- Tapsia Location in West Bengal, India Tapsia Tapsia (India)
- Coordinates: 22°15′40.5″N 86°54′53.6″E﻿ / ﻿22.261250°N 86.914889°E
- Country: India
- State: West Bengal
- District: Jhargram

Population (2011)
- • Total: 1,779

Languages
- • Official: Bengali, Santali, English
- Time zone: UTC+5:30 (IST)
- PIN: 721517 (Tapsia)
- Telephone/STD code: 03221
- Lok Sabha constituency: Jhargram
- Vidhan Sabha constituency: Gopiballavpur
- Website: jhargram.gov.in

= Tapsia =

Tapsia (also spelled Tapsiya) is a village in the Gopiballavpur II CD block in the Jhargram subdivision of the Jhargram district in the state of West Bengal, India.

==Geography==

===Location===
Tapsia is located at .

===Area overview===
Jhargram subdivision, the only one in Jhargram district, shown in the map alongside, is composed of hills, mounds and rolling lands. It is rather succinctly described in the District Human Development Report, 2011 (at that time it was part of Paschim Medinipur district), “The western boundary is more broken and picturesque, for the lower ranges of the Chhotanagpur Hills line the horizon, the jungle assumes the character of forest, and large trees begin to predominate. The soil, however, is lateritic, a considerable area is unproductive, almost uninhabited, especially in the extreme north-west where there are several hills over 1000 feet in height. The remainder of the country is an almost level plain broken only by the sand hills.” 3.48% of the population lives in urban areas and 96.52% lives in the rural areas. 20.11% of the total population belonged to scheduled castes and 29.37% belonged to scheduled tribes.
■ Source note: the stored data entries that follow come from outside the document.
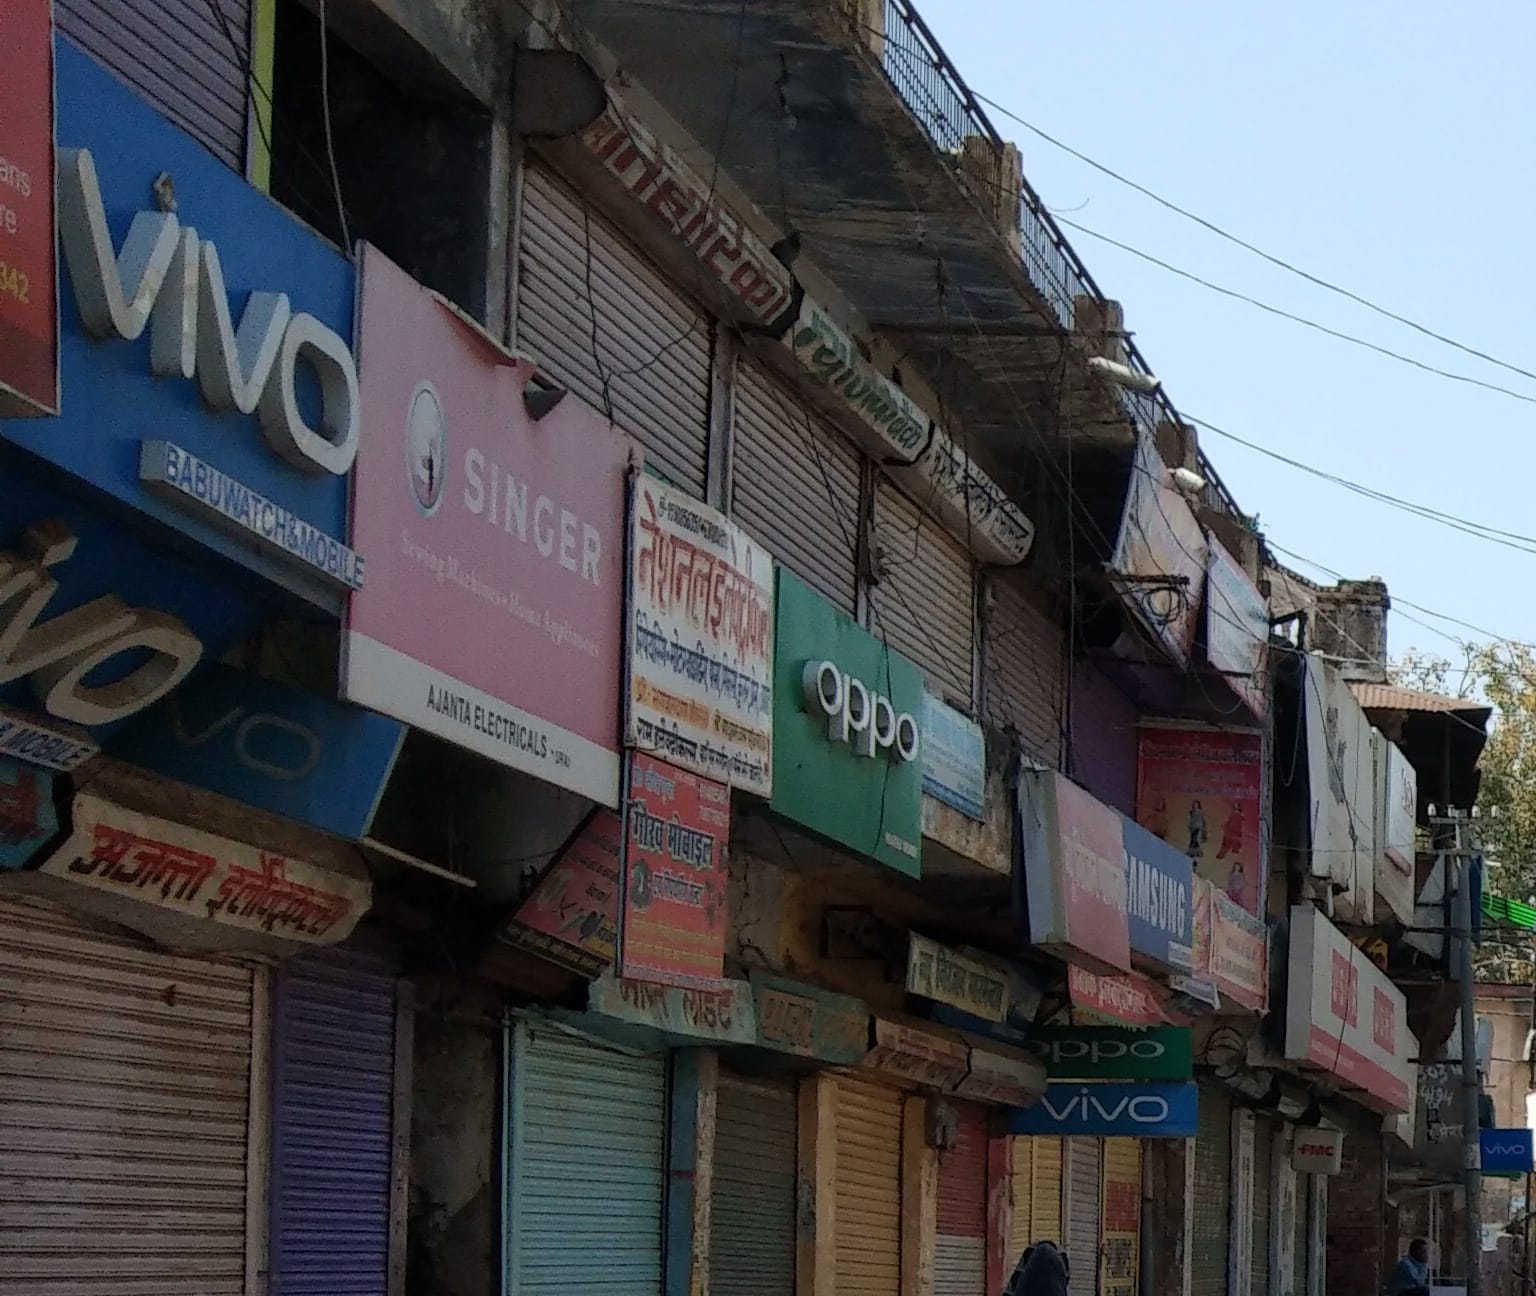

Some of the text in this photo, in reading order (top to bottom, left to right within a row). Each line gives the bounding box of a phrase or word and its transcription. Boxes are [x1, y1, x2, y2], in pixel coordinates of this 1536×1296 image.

[464, 447, 601, 587] SINGER
[427, 683, 472, 723] AJANTA
[473, 704, 548, 761] ELECTRICALS
[806, 659, 920, 764] oppo
[1040, 1086, 1169, 1123] vivo
[1483, 1143, 1527, 1157] vivo
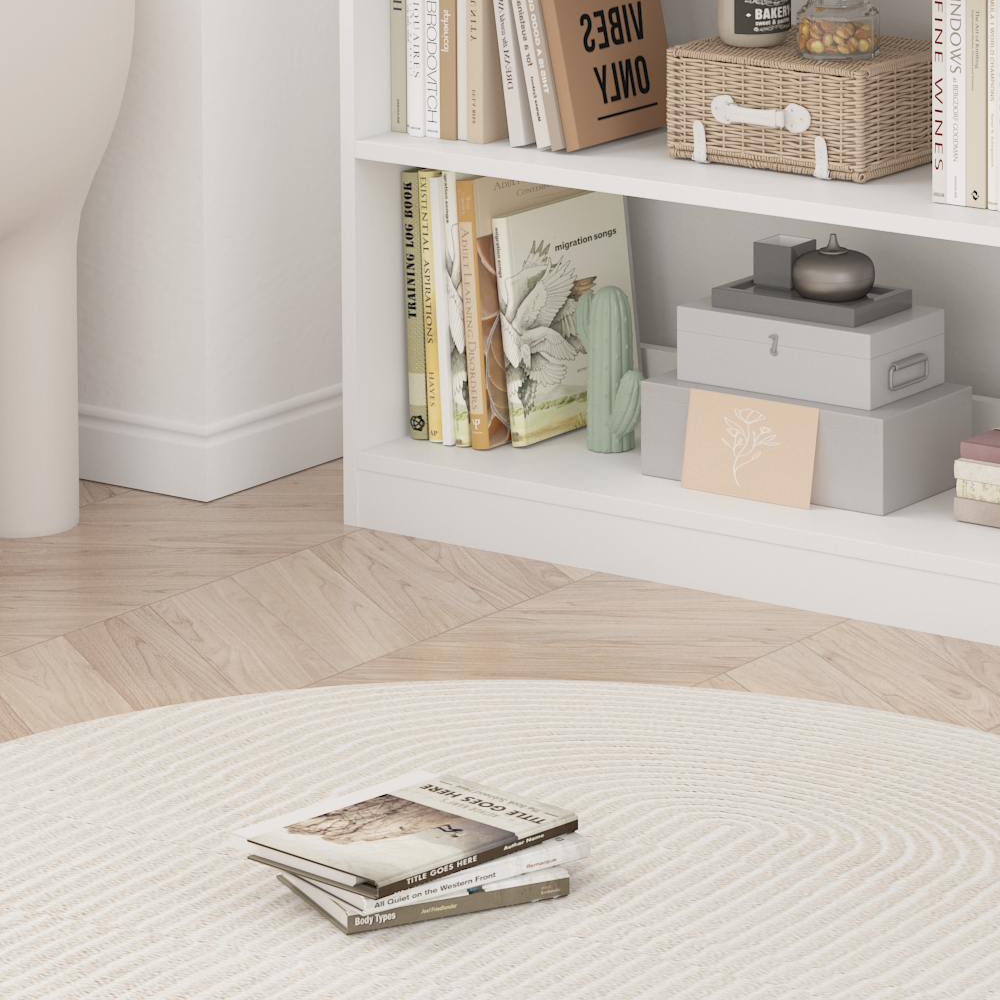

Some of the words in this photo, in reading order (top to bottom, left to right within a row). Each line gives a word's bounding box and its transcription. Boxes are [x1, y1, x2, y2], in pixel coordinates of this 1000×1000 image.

Note: The map alongside presents some of the notable locations in the subdivision. All places marked in the map are linked in the larger full screen map.

==Demographics==
According to the 2011 Census of India, Tapsia had a total population of 1,779 of which 903 (51%) were males and 876 (49%) were females. Population in the age range 0-6 years was 203. The total number of literate persons in Tapsia was 1,161 (65.26% of the population over 6 years).

==Transport==
State Highway 9 running from Durgapur (in Bardhaman district) to Nayagram (in Paschim Medinipur) passes through Tapsia and Gopiballavpur.

==Education==
Tapsia Vidyasagar Sikshayatan is a coeducational high school at Tapsia.

==Healthcare==
Tapsia Rural Hospital, with 30 beds at Tapsia, is a major government medical facility in the Gopiballavpur II CD block.